1320. Relief When it Matters Most: Decompressive Percutaneous Transesophageal Gastrostomy for Long-Term Management of Malignant Bowel Obstruction
Authors * Denotes Presenting Author
  1. Jackson Unteriner *; Mallinckrodt Institute of Radiology
  2. Sagine Berry-Tony; Mallinckrodt Institute of Radiology
  3. Daniel Harwood ; Mallinckrodt Institute of Radiology
  4. Naganathan Mani; Mallinckrodt Institute of Radiology
At a certain point over the course of many lines of treatment, hospitalizations, and disease progression, patients with advanced intrabdominal malignancies shift their focus from curative intent to ensuring comfort and staying out of the hospital. Recurrent malignant small bowel obstructions are a common late stage complication often requiring admission and uncomfortable nasogastric tube placement for decompression. Percutaneous transesophageal gastrostomy (PTEG) is a safe and efficacious alternative for enteric access for gastric decompression when standard percutaneous gastrostomy is not feasible (e.g., massive ascites, advanced gastric cancer, peritoneal carcinomatosis, gastric outlet obstruction, interposition of colon, severe gastroparesis, and morbid obesity.) An evaluation of the efficacy and safety profile of PTEG placement in a study population with advanced abdominal pathologies is provided.

Materials and Methods:
A total of 27 patients (19 women and 8 men) with an average age of 58 years (range 36-73) were included in this study with varied advanced pathologies in the abdomen including ovarian, gastric, appendiceal, endometrial, peritoneal mesothelioma, and peritoneal carcinomatosis of unknown primary cause. One patient did not have a confirmed malignancy, but had a severe jejunal intussusception. All patients had contraindications to standard percutaneous radiologic gastrostomy placement such as large volume ascites, malignancy involving the stomach/overlying peritoneum, and altered surgical anatomy/lack of a safe window. The patients were followed until death or until the catheter was removed and complications were searched in the electronic medical record. The procedure was accomplished using techniques that have been described in earlier studies using a combination of fluoroscopic and ultrasound guidance. The esophagus was accessed from the left neck and a long 14 French cope-loop catheter was placed in the fundus.

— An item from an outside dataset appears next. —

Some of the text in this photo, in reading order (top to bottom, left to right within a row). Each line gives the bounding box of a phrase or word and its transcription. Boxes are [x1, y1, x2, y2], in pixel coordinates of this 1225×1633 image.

The procedure was a technical success in 26/27 cases. The average length of time that the gastrostomy catheter was in place ranged from 4-140 days (average 44 days). All but one of the patients expired as a result of their advanced disease. The one surviving patient had their catheter removed after 105 days. All but one of the patients had complete relief of their symptoms of nausea, vomiting, and distention. No major postprocedural complications were noted. Two patients developed cellulitis at the drain site.

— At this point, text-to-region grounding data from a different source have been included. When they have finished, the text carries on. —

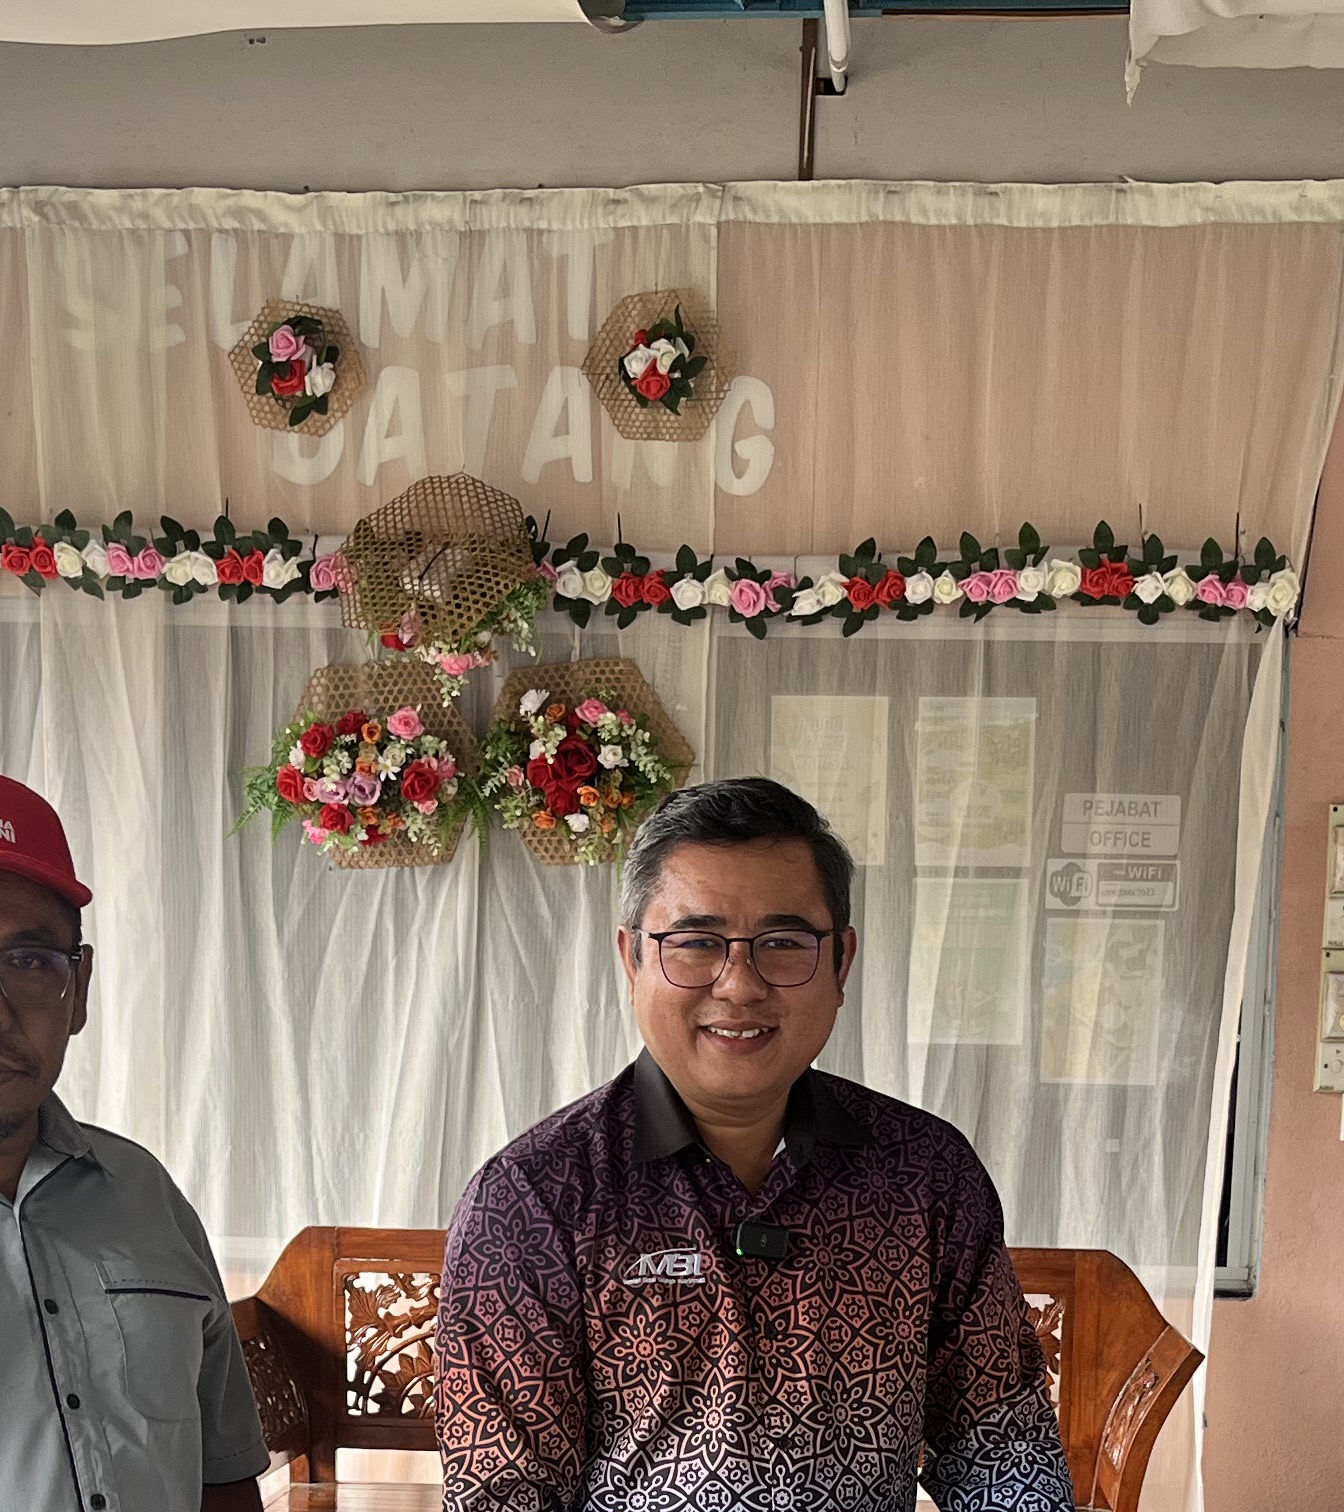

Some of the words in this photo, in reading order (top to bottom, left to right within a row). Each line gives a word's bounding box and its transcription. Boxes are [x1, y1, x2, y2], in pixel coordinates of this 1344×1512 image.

[1083, 800, 1161, 818] PEJABAT
[1090, 831, 1151, 848] OFFICE
[1128, 866, 1162, 880] WiFi
[1052, 875, 1089, 893] WiFi
[639, 1253, 703, 1277] MBI

Percutaneous transesophageal gastrostomy provides patients with relief of symptoms until expiration related to their terminal malignancy or until symptoms have resolved (on average 44 days), with no associated major complications and without the need for an uncomfortable nasogastric tube. This is a safe and efficacious strategy for management of malignant bowel obstruction by improving patient comfort at the end stages of life, allowing discharge to home/hospice care, and reducing readmissions.